Watching the news today, we hear that the Chinese and the WHO may have been involved in an early cover-up of the virus, now known now as SARS-COV-2. What did the Chinese scientists know and when? What was the source of the virus and how did the virus transmit?

In the early days of the pandemic when the pneumonia cases were first appearing, Chinese researchers suspected a zoonotic pathogen, a virus that jumps from an animal to a human host. Because few of the pneumonia patients’ family members showed signs of disease and no health care workers had yet become ill, transmission mode was deemed unknown. Transmission might be from a food source (from a live-food market), an animal vector, toilets, bird droppings, and the like.

Every year disease outbreaks affecting humans occur all over the world due to zoonotic pathogens. For example the pathogens, Ebola, Marburg, West Nile, Sin Nombre, monkeypox, rabies, and many more have led to deadly disease in many countries, some with the potential for causing pandemics.

To date, the source of the virus has not been disclosed.

But, the pathogen itself was quickly identified through genetic sequencing of bronchial fluid samples taken from one of the pneumonia patients. The pathogen was determined to be a novel coronavirus, a new virus in the family of beta-coronaviruses. Doctors at Wuhan Central Hospital worried about the possibility of a reemergence of SARS-1, also a beta-coronavirus. The genetic code of old and new viruses showed similarities. The doctors shared their concern privately with family members and professional contacts, but word soon got out. Rumors traveled quickly through the Chinese social media app Whatsapp that the illnesses were SARS-1 or MERS, both deadly diseases that the Chinese citizenry knew well from outbreaks in 2003 and 2012, respectively. Nervous local authorities publicly admonished the doctors and censored the hashtag #WuhanSARS, threatening serious repercussions for public rumor mongering.

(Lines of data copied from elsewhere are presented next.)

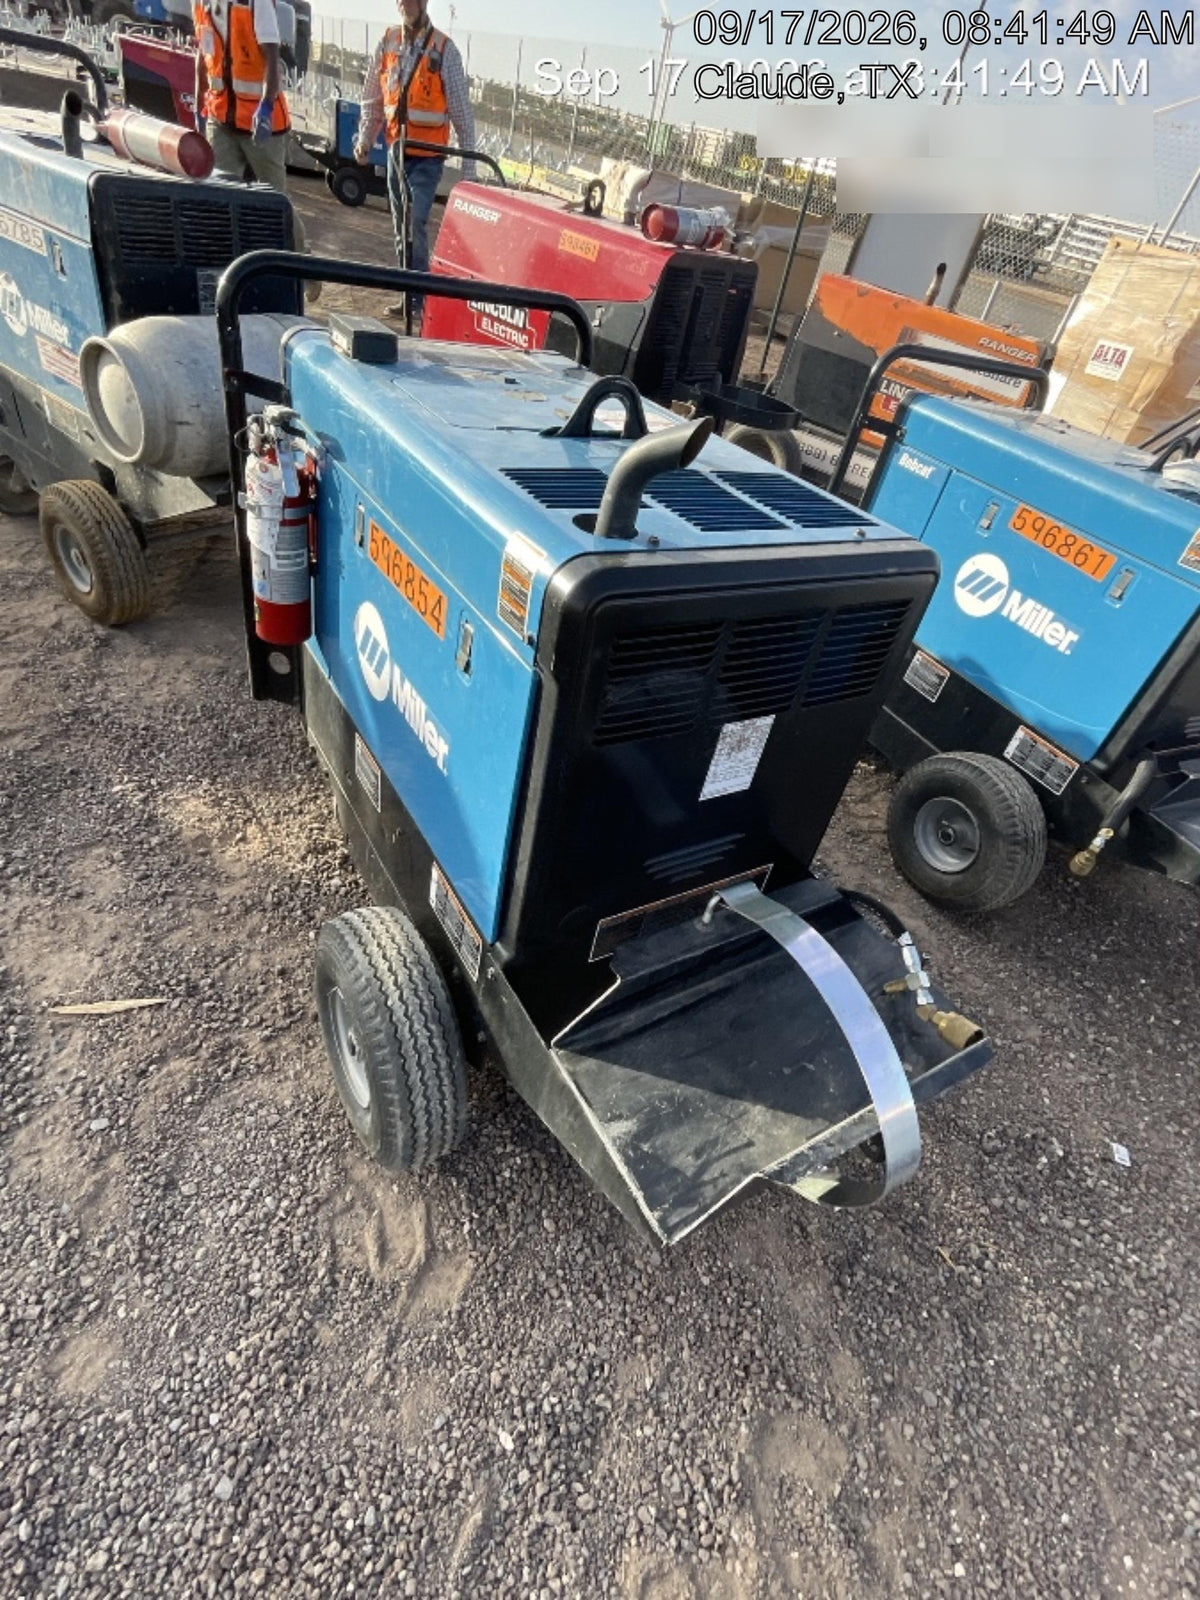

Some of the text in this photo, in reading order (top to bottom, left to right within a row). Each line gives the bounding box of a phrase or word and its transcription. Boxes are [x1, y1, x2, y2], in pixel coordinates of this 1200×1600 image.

[453, 199, 500, 225] RANGER
[481, 316, 529, 348] ELECTRIC
[979, 337, 1037, 363] RANGER
[1091, 344, 1128, 368] ALTA
[898, 452, 934, 479] Bobcat
[1012, 507, 1109, 576] 596861
[369, 522, 443, 635] 596854

As local officials scrambled to manage the outbreak and control the narrative, the central government of Beijing stepped in to take over management of the outbreak and conduct investigations into the hospitals, laboratories, and the wet market. Meanwhile, a joint mission of experts was being assembled by China and the WHO to study circumstances of the outbreak and determine next steps.

During the frantic month of January, progress at the Wuhan JinYinTan Hospital, where the 41 patients were sequestered, moved forward. The medical team treating the 41 pneumonia patients ran tests ruling out influenza and 26 other pathogens. The team settled on the novel coronavirus as the likely pathogen and information on the outbreak was shared with the WHO and CDC director Robert Redfield. This all happened by January 4.

By January 10, the genetic sequence of the virus was confirmed by a consortium of researchers and posted on the website virological.org. By then, there were 57 laboratory confirmed cases of the disease (later to be named COVID-19) and one death. Four hundred medical personnel were screened and none were found to have the virus. No new cases were reported for several days.

Knowing that some zoonotic pathogens pass from animal-to-human only (for example, the wild bird virus H5N1 can result in severe respiratory disease and death in humans, but is not known to transmit between humans), authorities in Wuhan and at the WHO were reluctant to confirm human-to-human transmission. The local Wuhan authorities downplayed the illnesses, as they focussed on preparing for their annual Baibutinga community banquet, a 40,000-family “pot-luck,” to celebrate Chinese New Year. The event took place on January 18. There were 300 confirmed cases in Wuhan at the time.

Nevertheless the situation was threatening to spin out of control and authorities quarantined much of the city of Wuhan and, on January 23, shut down both incoming and outgoing travel. Businesses were shut down, as eventually were University and research laboratories.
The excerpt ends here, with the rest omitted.